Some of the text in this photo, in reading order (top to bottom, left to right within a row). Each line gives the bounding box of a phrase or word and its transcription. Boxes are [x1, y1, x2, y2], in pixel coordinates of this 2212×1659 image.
* * *
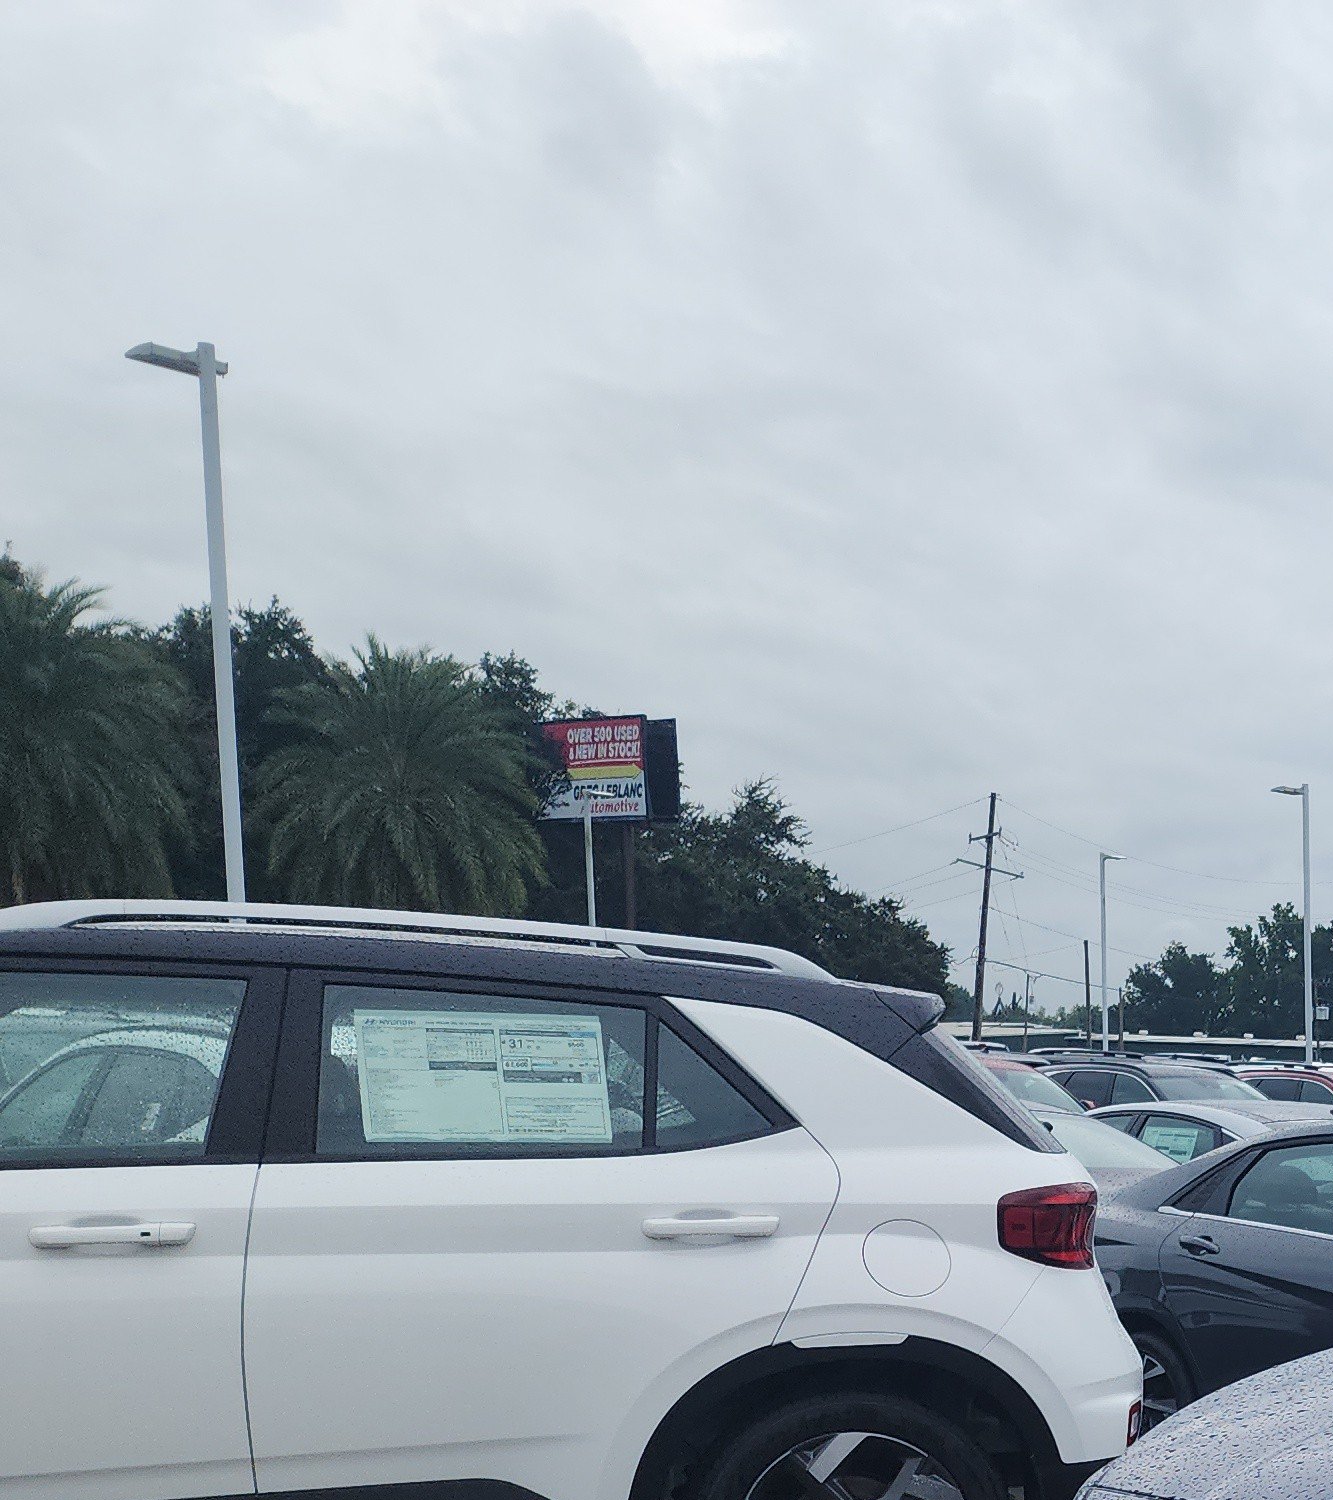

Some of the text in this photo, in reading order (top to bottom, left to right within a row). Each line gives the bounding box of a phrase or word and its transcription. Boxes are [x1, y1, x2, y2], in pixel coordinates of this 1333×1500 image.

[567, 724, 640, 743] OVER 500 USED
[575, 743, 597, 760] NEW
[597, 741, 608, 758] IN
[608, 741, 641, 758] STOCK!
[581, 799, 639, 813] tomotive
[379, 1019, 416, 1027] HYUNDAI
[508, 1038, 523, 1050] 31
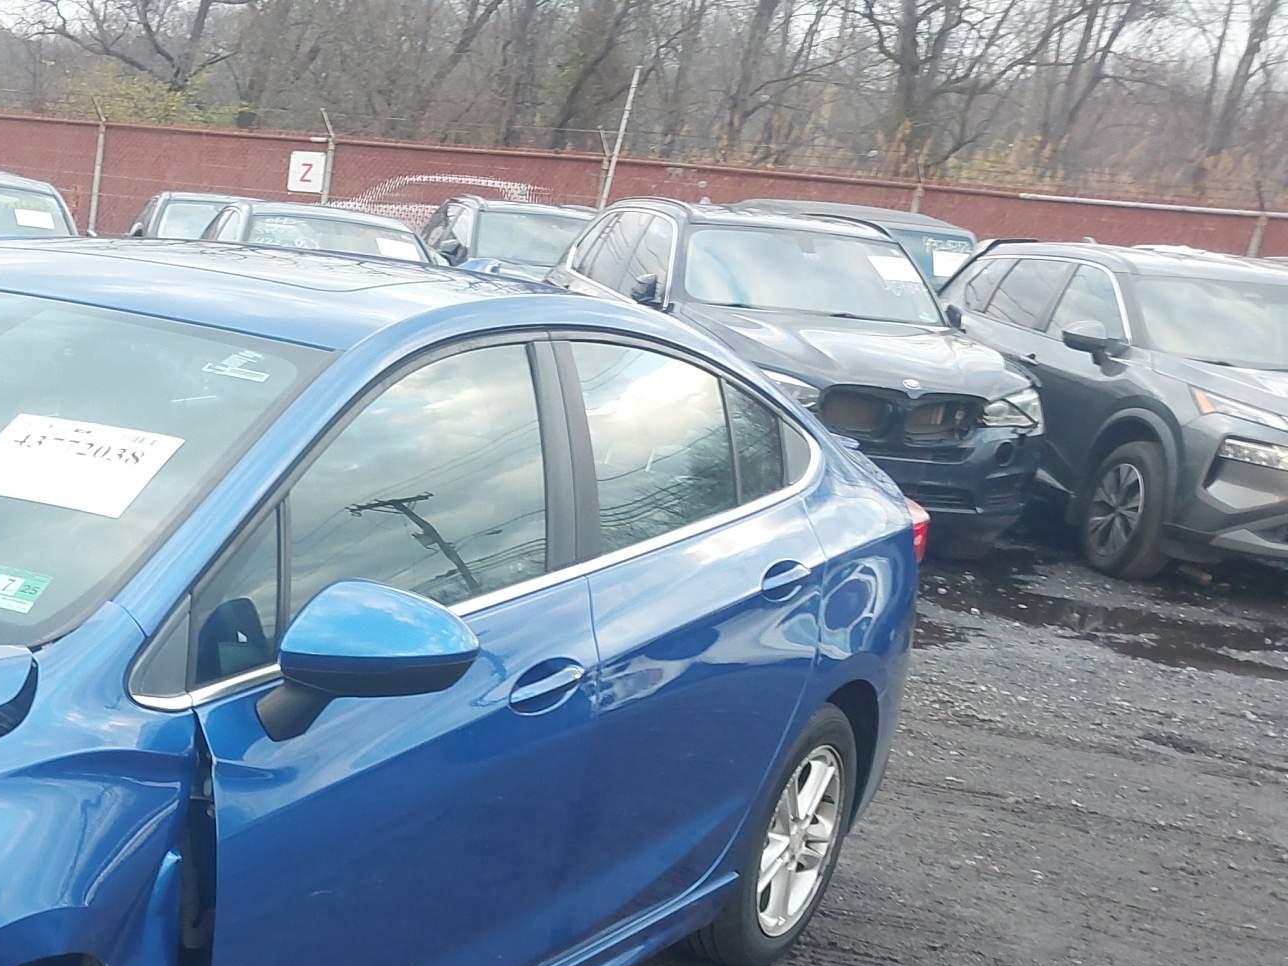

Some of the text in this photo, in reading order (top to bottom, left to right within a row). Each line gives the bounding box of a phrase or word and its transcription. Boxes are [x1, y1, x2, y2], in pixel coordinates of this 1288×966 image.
* * *
## PROBLEM DESCRIPTION
All that is wanted is the lines above between the one containing "this 1333×1500 image." and the one containing "this 1288×966 image.", inclusive, restated word for word, with pictures omitted.

## THE ANSWER
Some of the text in this photo, in reading order (top to bottom, left to right within a row). Each line gives the bounding box of a phrase or word and its transcription. Boxes are [x1, y1, x2, y2], in pixel coordinates of this 1333×1500 image.

[567, 724, 640, 743] OVER 500 USED
[575, 743, 597, 760] NEW
[597, 741, 608, 758] IN
[608, 741, 641, 758] STOCK!
[581, 799, 639, 813] tomotive
[379, 1019, 416, 1027] HYUNDAI
[508, 1038, 523, 1050] 31

Some of the text in this photo, in reading order (top to bottom, left to right within a row). Each line gives the bounding box of a phrase or word and its transcription. Boxes are [x1, y1, x2, y2], in pixel coordinates of this 1288×966 image.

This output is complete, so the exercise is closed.